'''
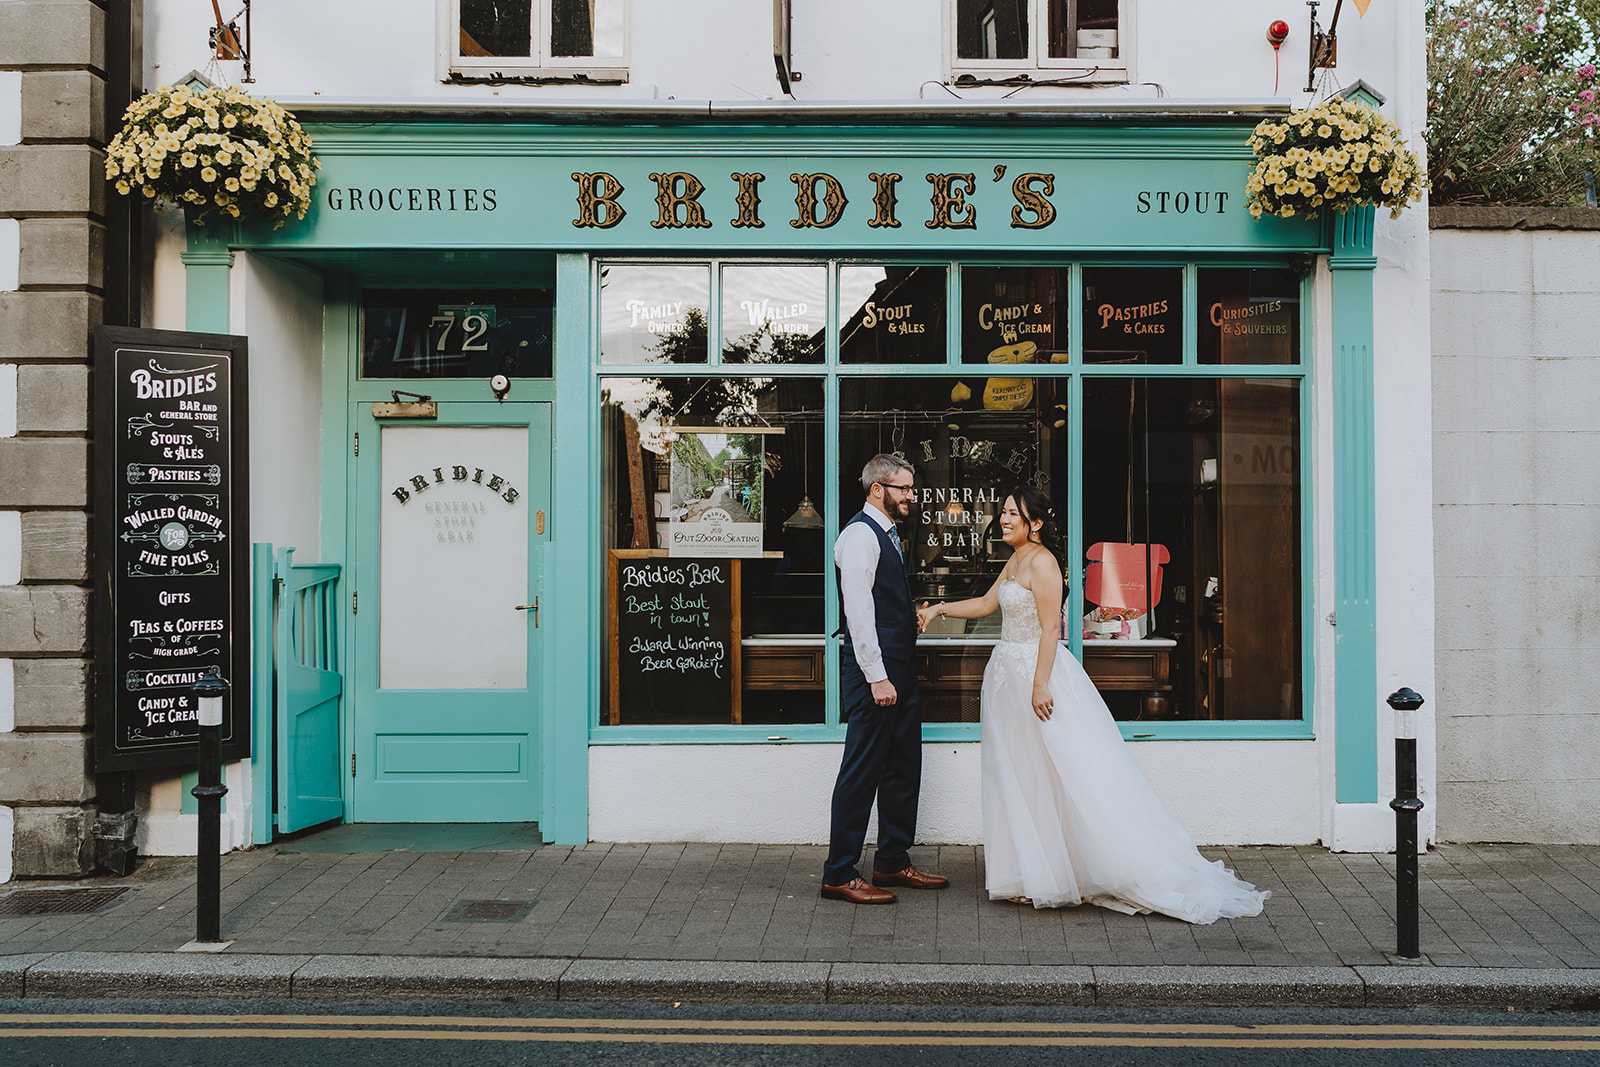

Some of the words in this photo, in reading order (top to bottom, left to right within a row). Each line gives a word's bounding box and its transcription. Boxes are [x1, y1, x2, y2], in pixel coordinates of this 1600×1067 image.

[328, 188, 498, 212] GROCERIES
[570, 165, 1057, 230] BRIDIE'S
[1136, 191, 1230, 215] STOUT
[625, 299, 683, 328] FAMILY
[740, 298, 808, 326] WALLED
[862, 301, 913, 329] STOUT
[978, 303, 1029, 331] CANDY
[1033, 304, 1043, 315] &
[1097, 300, 1169, 330] PASTRIES
[1210, 300, 1282, 327] CURIOSITIES
[428, 314, 489, 351] 72
[648, 321, 684, 334] OWNED
[768, 321, 809, 335] GARDEN
[888, 323, 897, 334] &
[898, 321, 925, 335] ALES
[998, 322, 1016, 336] ICE
[1018, 322, 1052, 334] CREAM
[1123, 324, 1133, 334] &
[1134, 322, 1166, 335] CAKES
[1223, 323, 1232, 335] &
[1234, 322, 1288, 336] SOUVENIRS
[130, 368, 217, 399] BRIDIES
[180, 401, 201, 411] BAR
[202, 404, 218, 412] AND
[160, 411, 193, 420] GENERAL
[194, 412, 218, 421] STORE
[150, 431, 194, 446] STOUTS
[163, 447, 173, 459] &
[175, 446, 204, 460] ALES
[148, 467, 201, 482] PASTRIES
[392, 464, 520, 504] BRIDIE'S
[123, 507, 176, 529] WALLED
[177, 505, 223, 529] GARDEN
[922, 510, 985, 525] STORE
[164, 528, 185, 542] FOR
[722, 532, 760, 543] SEATING
[139, 550, 167, 567] FINE
[171, 549, 209, 567] FOLKS
[159, 591, 191, 606] GIFTS
[625, 593, 663, 614] Best
[670, 593, 710, 610] Stout
[129, 620, 160, 637] TEAS
[163, 621, 174, 632] &
[176, 618, 224, 633] COFFEES
[650, 612, 662, 629] in
[171, 635, 182, 643] OF
[153, 647, 172, 656] HIGH
[173, 646, 198, 656] GRADE
[138, 696, 176, 711] CANDY
[178, 696, 188, 707] &
[145, 711, 165, 727] ICE
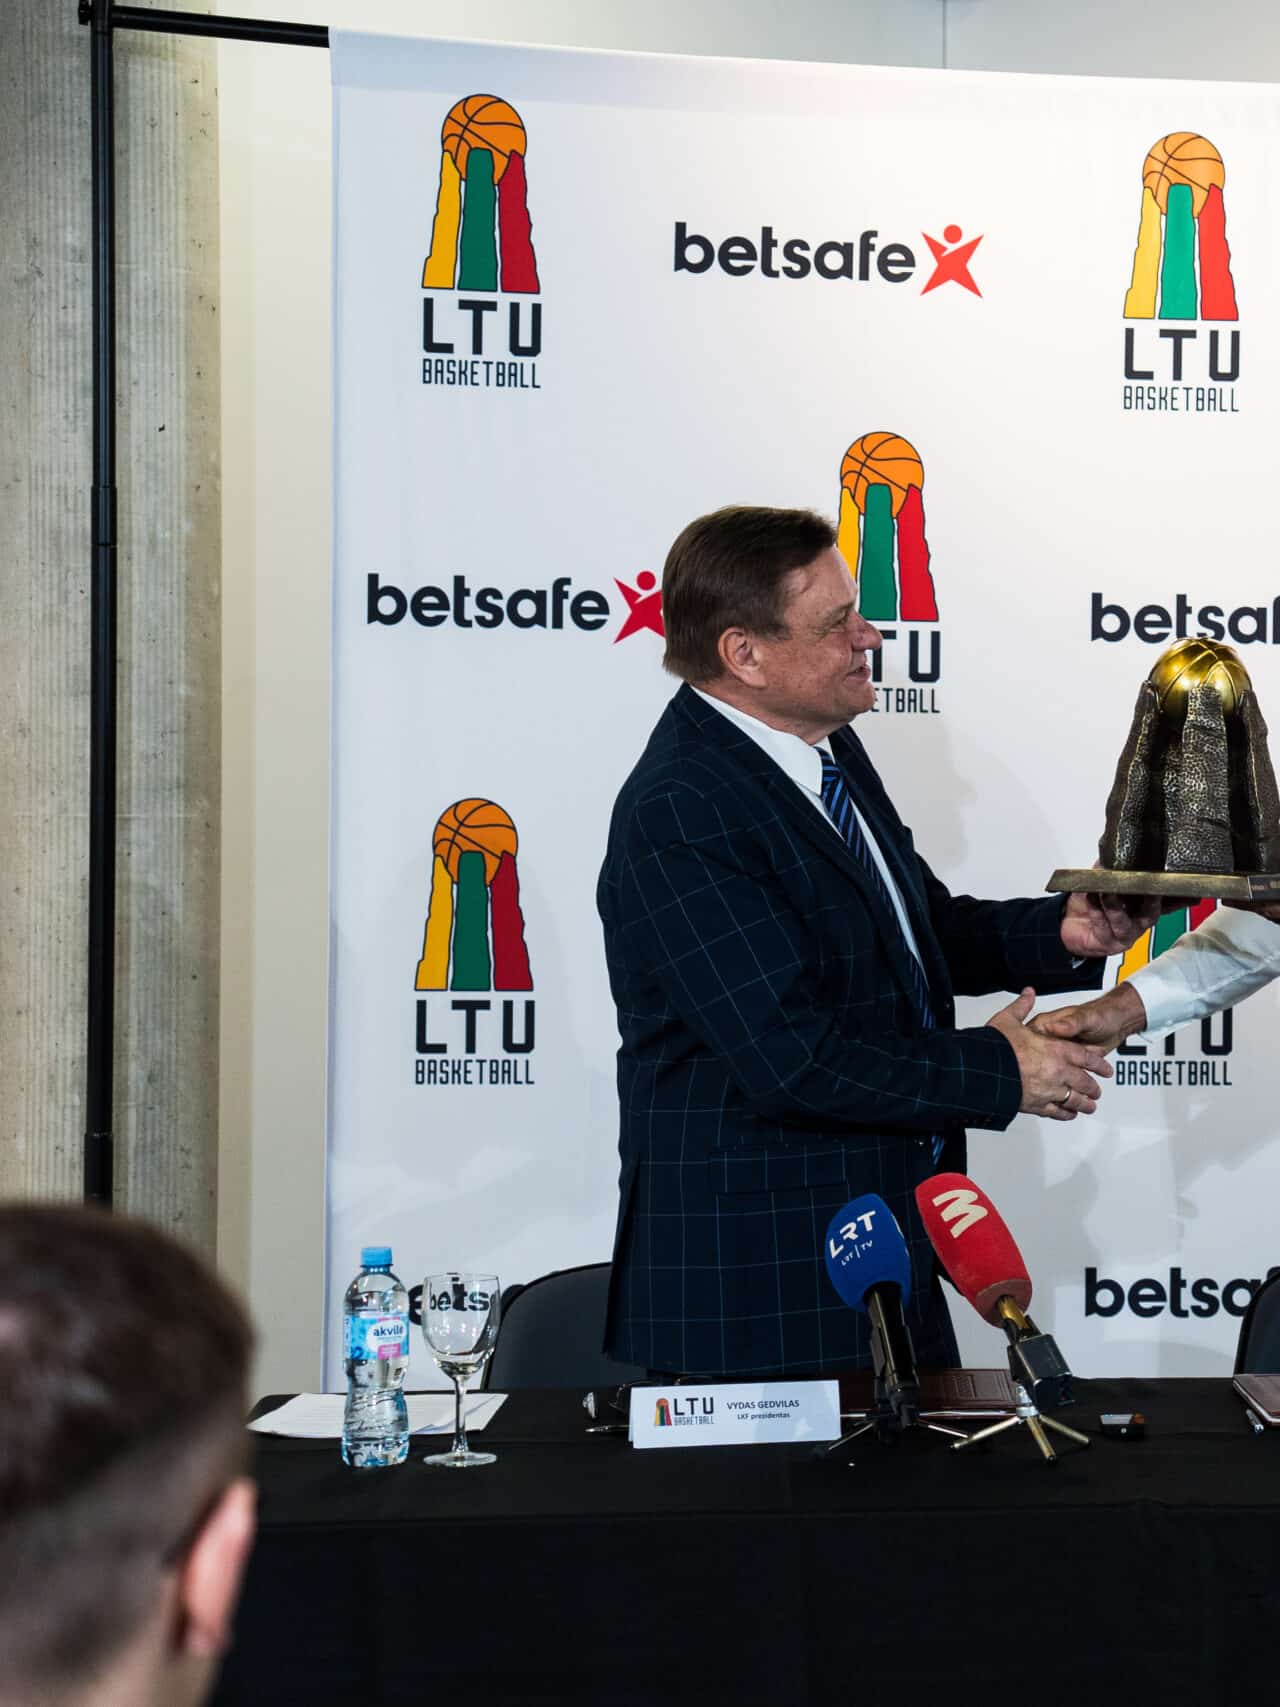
'''
Exercise:
From the records above, pull every line that carries the word "CANDY".

Answer:
[978, 303, 1029, 331] CANDY
[138, 696, 176, 711] CANDY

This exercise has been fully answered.